Terzo disco per gli Shame: Food for Worms punta al successo.
Con il terzo album, Food for Worms (Dead Oceans), gli Shame puntano in alto. Con il celebre Flood alla produzione (lo ricordiamo almeno in associazione a U2, Depeche Mode, Nick Cave, PJ Harvey) e il loro più grande tour da headliner fino ad oggi. Ricordiamo che il quintetto londinese (composto oggi come in passato da Eddie Green, Charlie Forbes, Josh Finerty, Sean Coyle-Smith, Charlie Steen) aveva esordito con un LP, Songs of Praise, nel 2018, che li collocava all’interno del grande revival post-punk di questi anni, con canzoni dirette ed efficaci che ancora oggi sono nel cuore di quanti amano quel suono. Nel 2021 hanno pubblicato Drunk Tank Pink, il disco che ha ampliato il loro suono, soprattutto grazie a una ritmica più complessa. Gli Shame hanno scritto i pezzi di Food for Worms mentre erano in tour per promuovere Drunk Tank Pink, e nonostante la promozione accurata il disco mantiene una certa dimensione live, diretta.

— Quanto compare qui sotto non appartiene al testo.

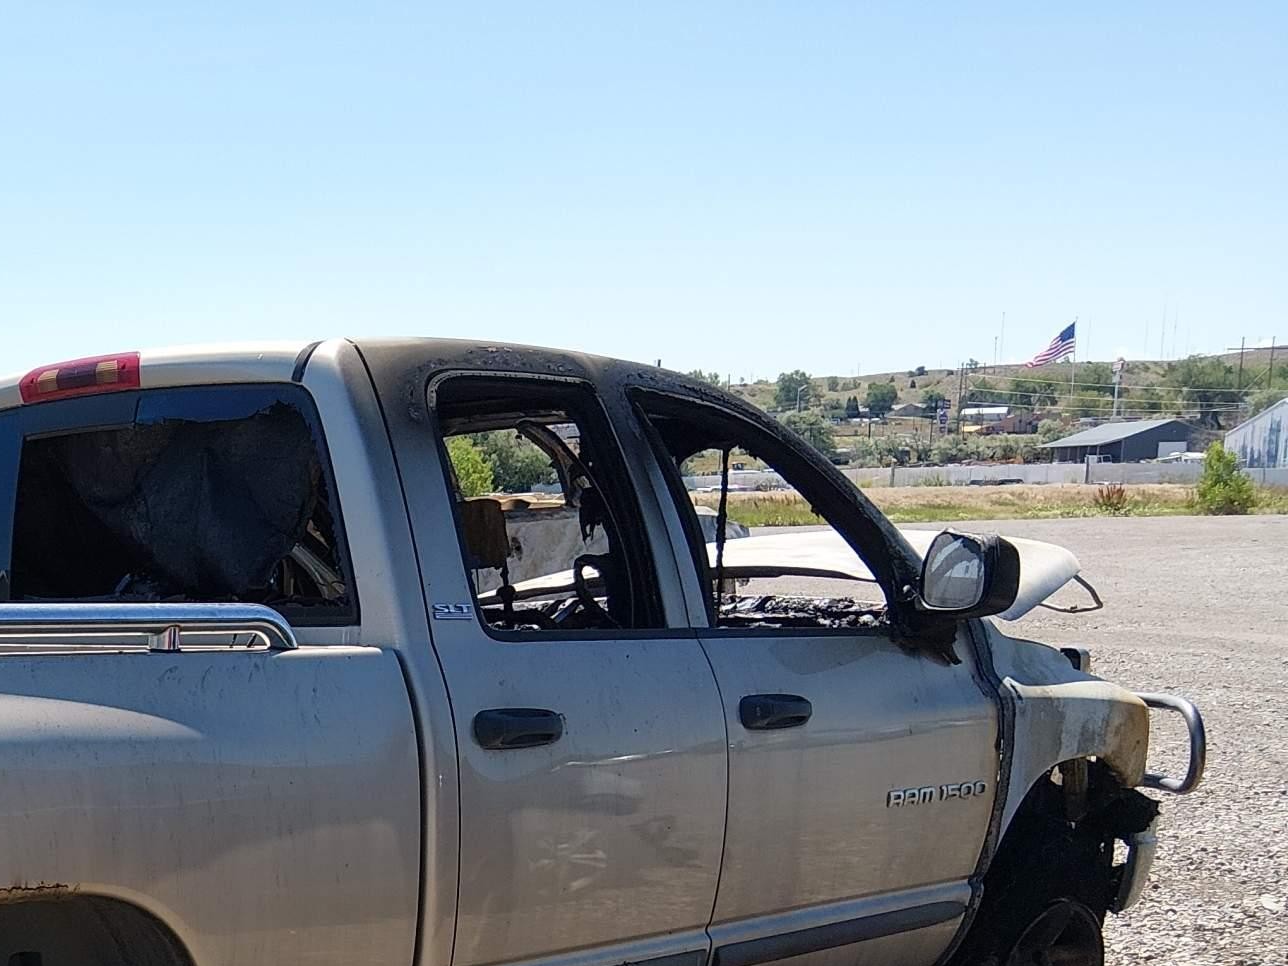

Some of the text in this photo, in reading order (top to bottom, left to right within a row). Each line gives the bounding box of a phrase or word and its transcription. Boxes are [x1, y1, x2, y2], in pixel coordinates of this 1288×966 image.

[432, 602, 472, 613] SLT
[887, 780, 987, 808] RAM 1500

Gli Shame in cerca di identità
Con Food for Worms, però, gli Shame cambiano e si allontanano ancora di più dagli esordi e dal post-punk. Pur restando in un ambito che possiamo definire ‘indie’, guardano oltreoceano inglobando qualcosa del suono dei primissimi anni ’90 (dai Fugazi ai Pavement), quelli pre-grunge, ma anche accostandosi a tentativi recenti di costruire un rock alternativo che abbracci la complessità strumentale e compositiva, black midi in testa. Rispetto al passato, inoltre, Charlie Steen canta di più e declama di meno, con buoni risultati. Le nuove istanze degli Shame si percepiscono più chiaramente verso la fine di Food for Worms, nell’altalenante Different Person, fra accessi di furia e momenti di tranquillità, e poi nella ballata corale, All the People, che chiude splendidamente la sequenza (“and it’s finished”, dice Steen in conclusione).
I punti di forza del disco
Non mancano momenti più immediati: l’iniziale Fingers of Steel, già uscita come singolo con un video nel quale la band si prende gioco dell’ossessione per i social media come promozione verso il successo, e del narcisismo insito nell’attività di frontman dell’improbabile rock-star Charlie Steen (con risultati più ridicoli che graffianti, a dire il vero).
Six-Pack (gli addominali perfettamente scolpiti), sulle illusioni che si coltivano in privato “within this room” (Everything you see Is free within this room And your ex-wife and ex-daughter Who hate your guts to death They love you Within this room) è l’episodio che più si lega al post-punk degli esordi, almeno finché non partono chitarre a cascata che ci portano in un’altra direzione. Adderall, forse il momento migliore, parla in modo molto diretto della dipendenza da droghe da prescrizione (As you say that it’s fine That word you use all the time That you don’t need to quit You’ll just handle it, yeah) ed è, con Yankee, il passaggio più ‘americano’ di tutti. Contiene anche un featuring di Phoebe Bridgers che a quanto pare registrava accanto a loro, ma non si sente più di tanto.
Il disco mostra anche qualche calo, qui e lì, ma nel complesso la ricerca di identità degli Shame può dirsi riuscita; i cinque hanno trovato una loro dimensione fuori dalle facili etichette, ed è sempre il passo meno facile per un band degli anni 00.